Thousands of visitors at Scientifica 21
A little girl looks fascinated at the screen and watches as a researcher floats around weightlessly in an airplane. Next to him, his experiment is running, which is supposed to provide data on the early phase of planetary system formation. “If you want to go into space later, you need a spacesuit,” the PlanetS scientist explains. The girl, who is obviously very interested in space, points to the researcher’s T-shirt, which shows an astronaut, and says, “One of those?”
The public’s interest in the Scientifica 21 science days is great. Around 10,000 people flock to the major Zurich event this weekend and the NCCR PlanetS booth gets more than its fair share of visitors.

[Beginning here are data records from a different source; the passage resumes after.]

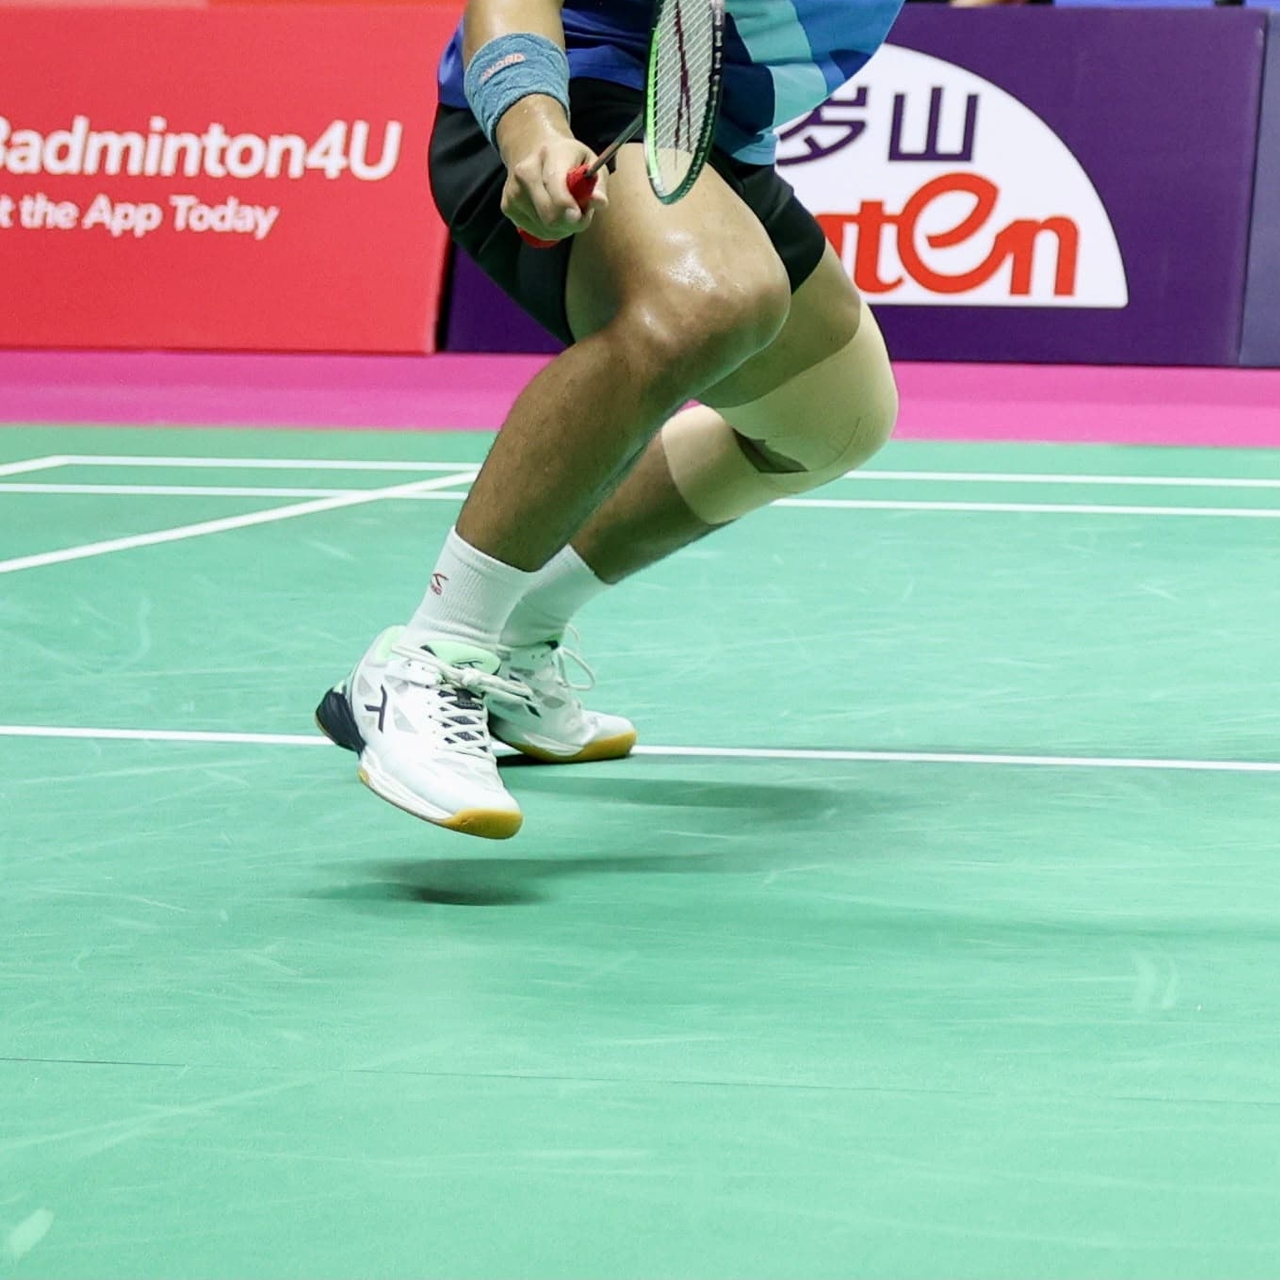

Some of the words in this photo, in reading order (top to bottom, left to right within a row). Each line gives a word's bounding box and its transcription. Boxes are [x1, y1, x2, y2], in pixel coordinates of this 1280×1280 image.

[776, 87, 980, 167] 岁山
[20, 192, 79, 229] the
[82, 194, 162, 237] App
[169, 194, 279, 240] Today
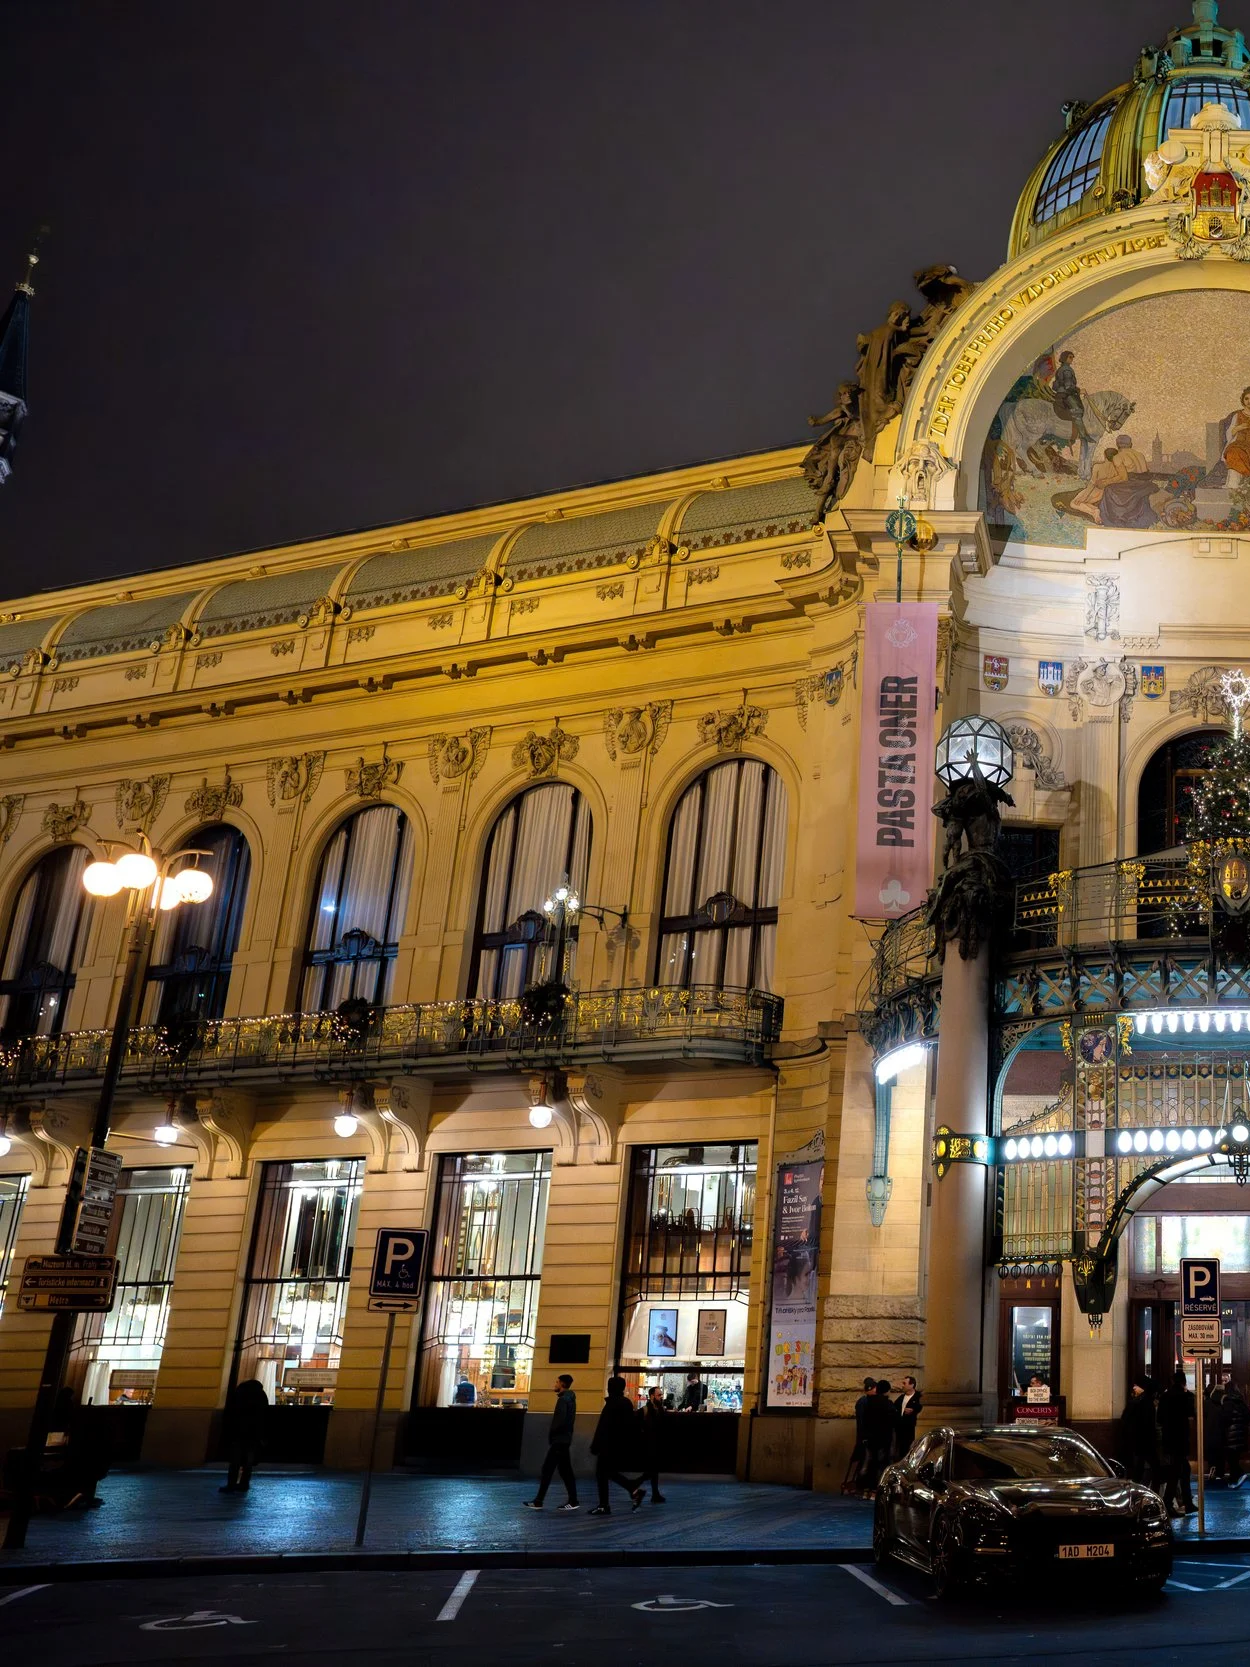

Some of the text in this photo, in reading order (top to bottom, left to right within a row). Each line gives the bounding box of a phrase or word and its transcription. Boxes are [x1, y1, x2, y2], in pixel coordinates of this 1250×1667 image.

[929, 395, 957, 437] ZDAR
[876, 675, 919, 848] PASTA ONER
[384, 1237, 415, 1275] P
[395, 1281, 400, 1289] 4
[1189, 1266, 1211, 1299] P
[1016, 1406, 1052, 1414] CONCERTS
[1062, 1545, 1110, 1558] 1AD M204

On display, for example, is the 1:2 scale replica of the CHEOPS space telescope, which has been in orbit around the Earth since December 2019 and is taking a closer look at exoplanets that we want to know more about. As soon as some visitors move on the next booth with their thirst for knowledge about space and planets quenched, others already stand in front of the model and want to know more about it. Incessantly, the PlanetS researchers start again and explain how astronomers use this and other telescopes to detect and characterize exoplanets. One family father comments, “I wasn’t even aware that there were other planets outside our solar system.”
Meteorites and learning through play
A mother and her two children can hardly take their eyes off the display case with real meteorites – rocks from outer space. They are particularly fascinated by a piece of Martian rock. With a smile on her face, the mother thanks us for “this exciting insight!
Nearby, thin sections of meteorite lie under a microscope. The device gives an unexpected insight into the colourful inner world of the stones from outer space. Visitors are amazed to learn from a researcher how this material is examined in the laboratories and how the secrets of the oldest known material – the chondrules – are extracted in the process.
Meanwhile, the “Slingshot Experiment” is the number one attraction for children. Here, the youngest visitors can let metal marbles roll off a ramp onto a table with magnetic planet replicas. In the process, they learn more about how the gravity of planets can be used in space exploration to steer and accelerate space probes. Yet it is not only the children who are fascinated by learning through play. Their parents are also eager to try it for themselves.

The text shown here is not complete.